Haha I remember the days of downloading random EXEs off the internet and running them to see what they do (also the days of CD-rom drives).

My auntie somehow managed to get a virus that played Für Elise through the motherboard speaker and never stopped so long as the thing was on. I don't think they ever solved it, in the end they just got a new PC.

[–] bandwidthcrisis@lemmy.world 164 points 4 months ago (6 children)
[–] Dave@lemmy.nz 86 points 4 months ago* (last edited 4 months ago) (1 children)
[–] bandwidthcrisis@lemmy.world 24 points 4 months ago

When I read it, it stirred a distant memory of hearing such a story before, so I knew that there was something behind it and looked it up.

[–] LodeMike 43 points 4 months ago (1 children)

Literally why would someone make that.
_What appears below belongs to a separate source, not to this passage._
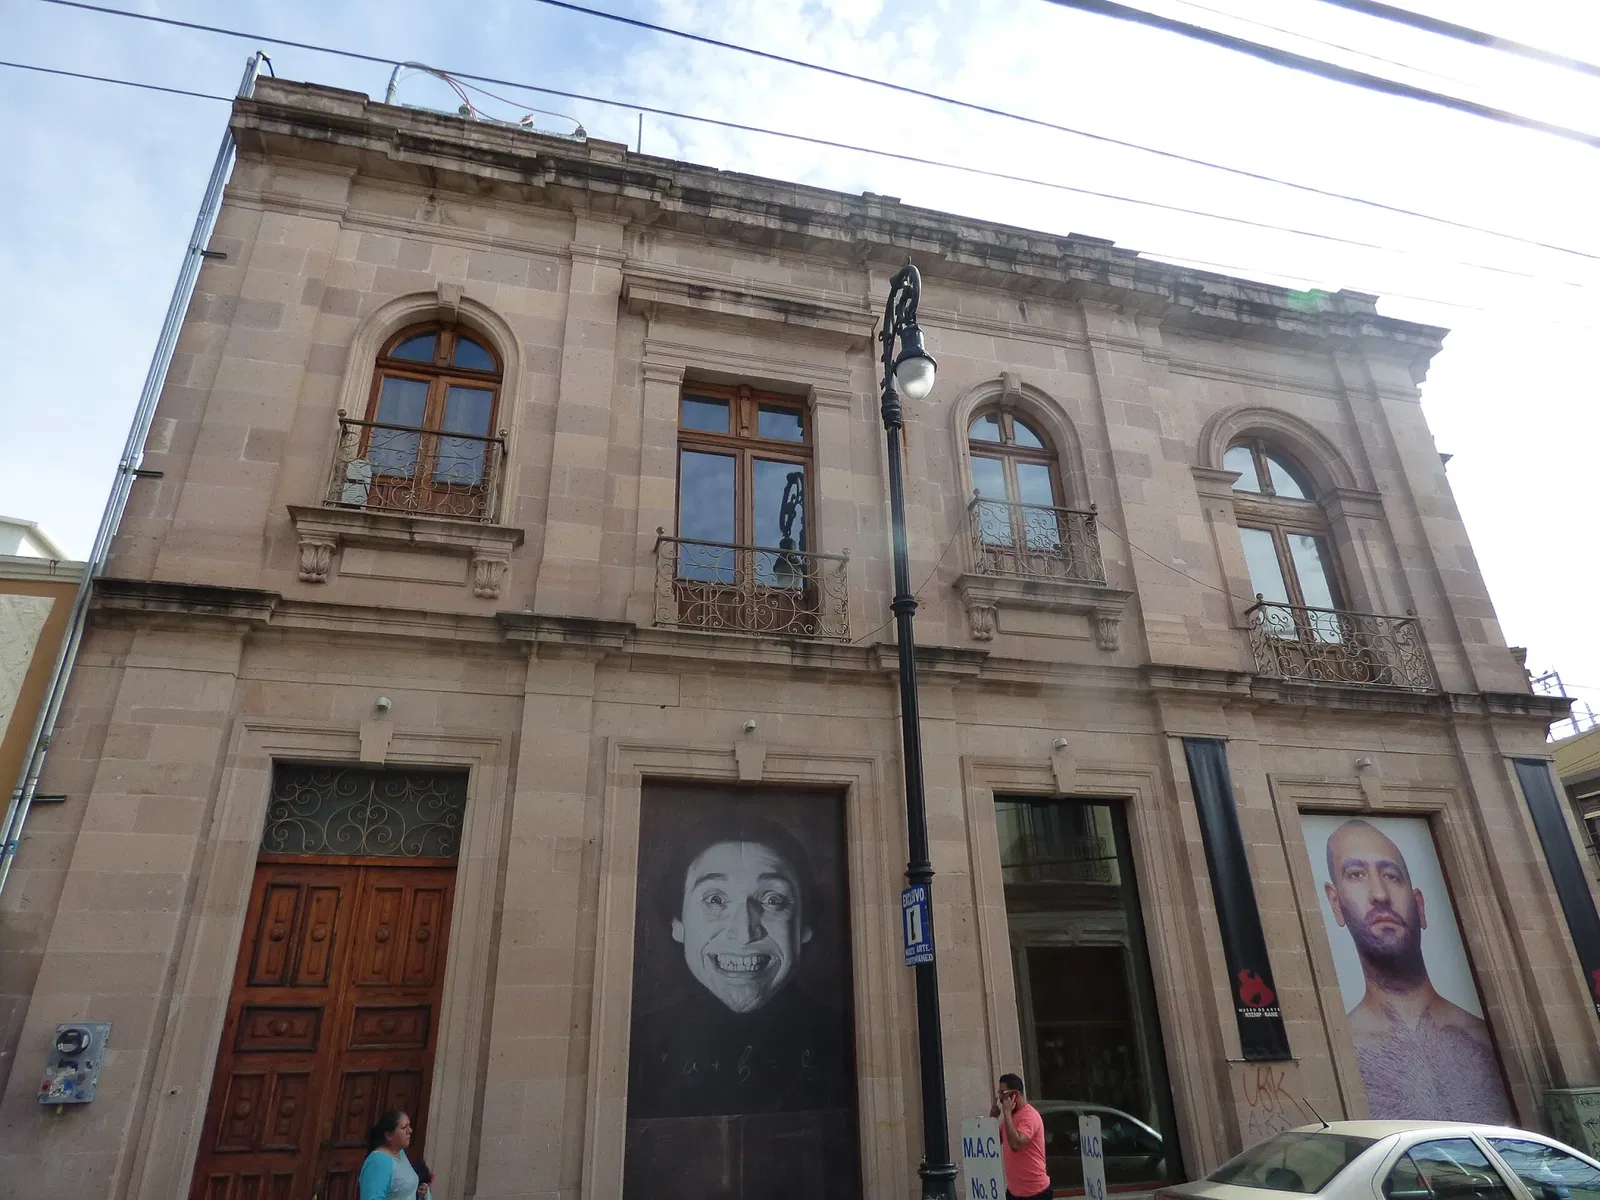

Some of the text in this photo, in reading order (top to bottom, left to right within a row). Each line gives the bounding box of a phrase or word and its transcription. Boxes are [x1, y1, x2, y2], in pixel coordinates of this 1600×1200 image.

That is completely indistinguishable as a signal.

[–] Dave@lemmy.nz 69 points 4 months ago (1 children)

I mean I guess you are supposed to take it to your computer repair shop and tell them it won't stop playing Für Elise, and the shop is supposed to recognise it as a failure of CPU fan signal. If it just beeped a few times on startup then people would ignore it, and if it beeped constantly then well maybe Für Elise is nicer.

[–] LodeMike 17 points 4 months ago* (last edited 4 months ago) (1 children)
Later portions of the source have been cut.